►

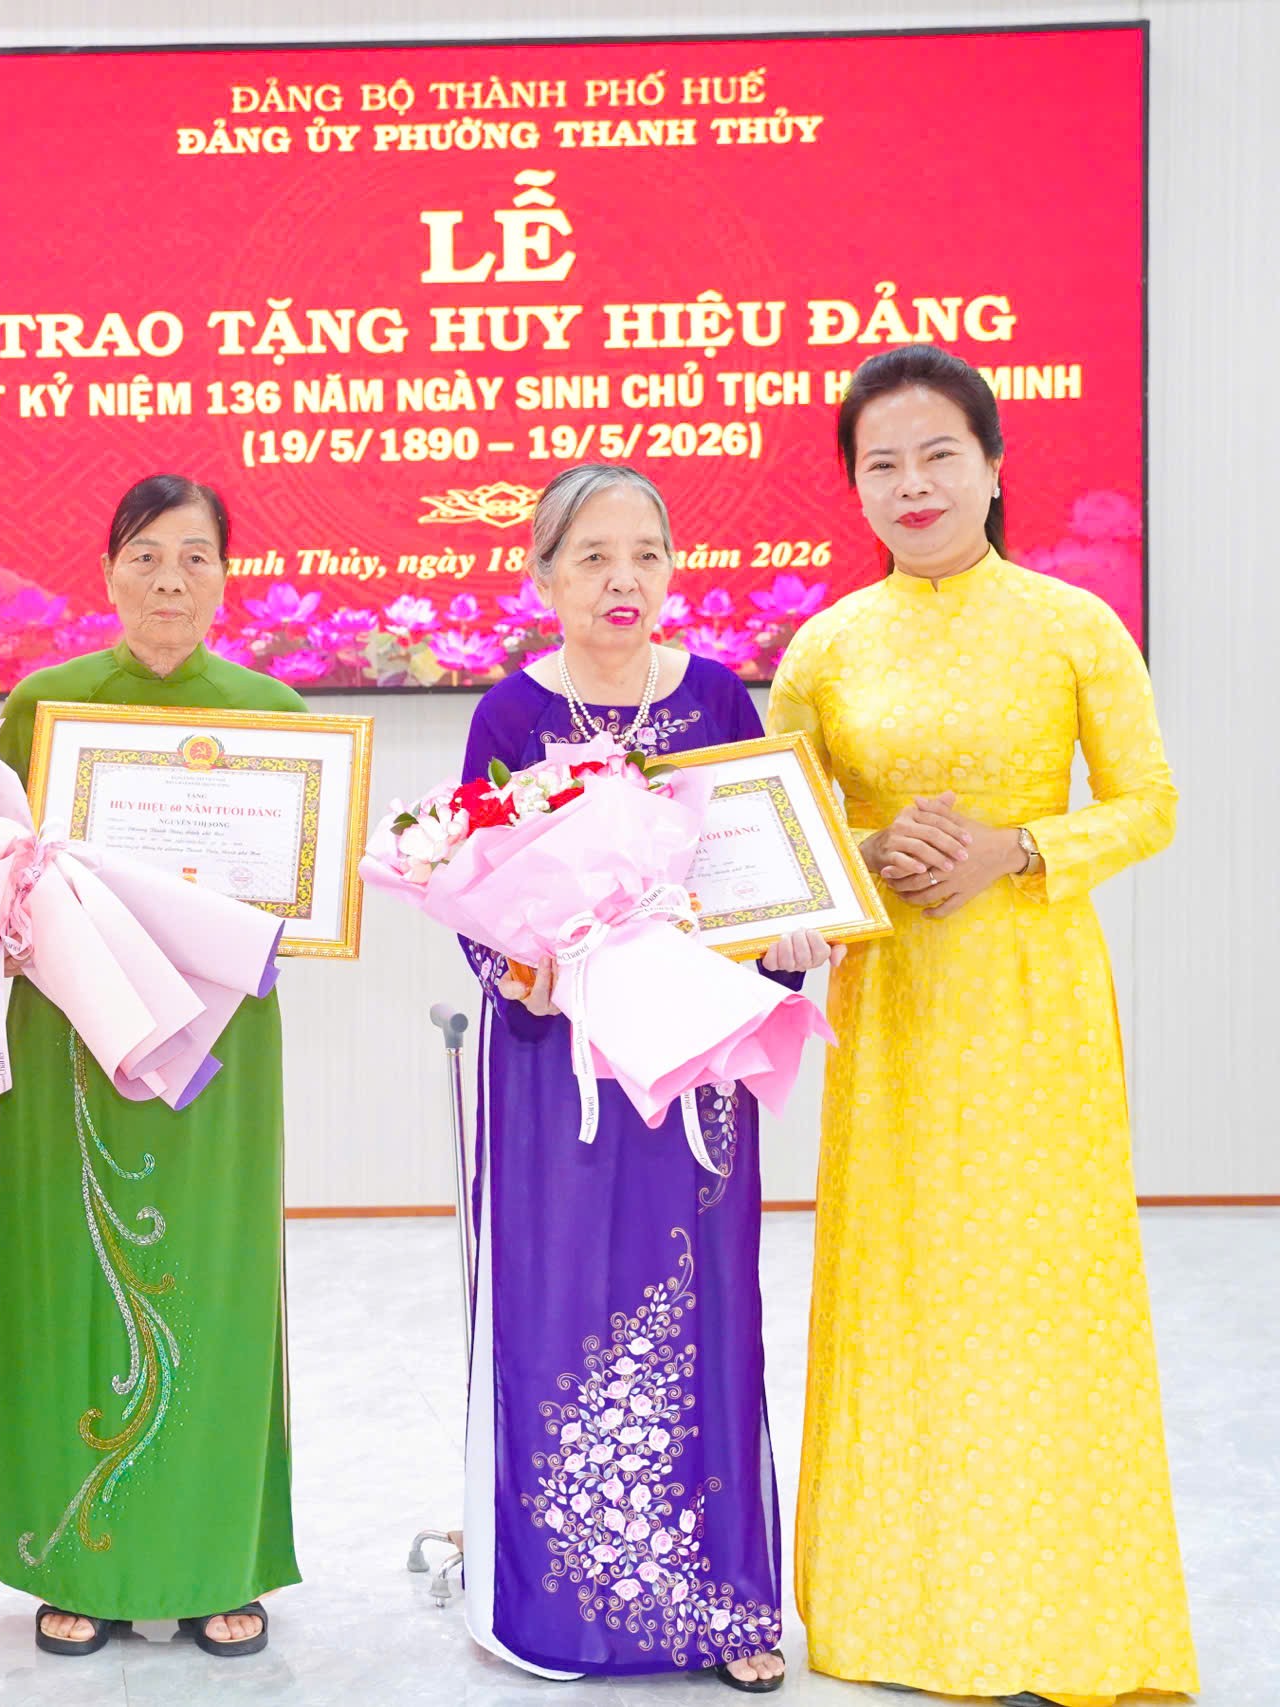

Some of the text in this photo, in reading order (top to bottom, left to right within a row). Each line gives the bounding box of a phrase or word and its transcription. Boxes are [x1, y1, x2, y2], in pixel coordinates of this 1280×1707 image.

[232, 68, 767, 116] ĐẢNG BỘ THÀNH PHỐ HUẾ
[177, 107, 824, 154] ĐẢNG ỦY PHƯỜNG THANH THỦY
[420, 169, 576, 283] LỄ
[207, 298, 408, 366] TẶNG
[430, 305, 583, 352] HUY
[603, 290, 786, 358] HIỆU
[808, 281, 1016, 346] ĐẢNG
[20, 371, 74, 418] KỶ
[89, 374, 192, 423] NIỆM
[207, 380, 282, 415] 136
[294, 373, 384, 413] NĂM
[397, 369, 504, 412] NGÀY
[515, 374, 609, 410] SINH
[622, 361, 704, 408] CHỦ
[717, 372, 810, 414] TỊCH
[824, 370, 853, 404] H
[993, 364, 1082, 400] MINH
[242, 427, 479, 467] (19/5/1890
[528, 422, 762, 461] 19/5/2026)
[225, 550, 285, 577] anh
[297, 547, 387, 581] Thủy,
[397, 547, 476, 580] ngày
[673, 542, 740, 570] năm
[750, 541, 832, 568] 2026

◄

TASK ITEM:
If an entry contains an image, print the rest of that entry exactly and leave the image out.

RESPONSE BELOW:
Some of the text in this photo, in reading order (top to bottom, left to right within a row). Each line gives the bounding box of a phrase or word and its transcription. Boxes are [x1, y1, x2, y2], in pixel coordinates of this 1280×1707 image.

[232, 68, 767, 116] ĐẢNG BỘ THÀNH PHỐ HUẾ
[177, 107, 824, 154] ĐẢNG ỦY PHƯỜNG THANH THỦY
[420, 169, 576, 283] LỄ
[207, 298, 408, 366] TẶNG
[430, 305, 583, 352] HUY
[603, 290, 786, 358] HIỆU
[808, 281, 1016, 346] ĐẢNG
[20, 371, 74, 418] KỶ
[89, 374, 192, 423] NIỆM
[207, 380, 282, 415] 136
[294, 373, 384, 413] NĂM
[397, 369, 504, 412] NGÀY
[515, 374, 609, 410] SINH
[622, 361, 704, 408] CHỦ
[717, 372, 810, 414] TỊCH
[824, 370, 853, 404] H
[993, 364, 1082, 400] MINH
[242, 427, 479, 467] (19/5/1890
[528, 422, 762, 461] 19/5/2026)
[225, 550, 285, 577] anh
[297, 547, 387, 581] Thủy,
[397, 547, 476, 580] ngày
[673, 542, 740, 570] năm
[750, 541, 832, 568] 2026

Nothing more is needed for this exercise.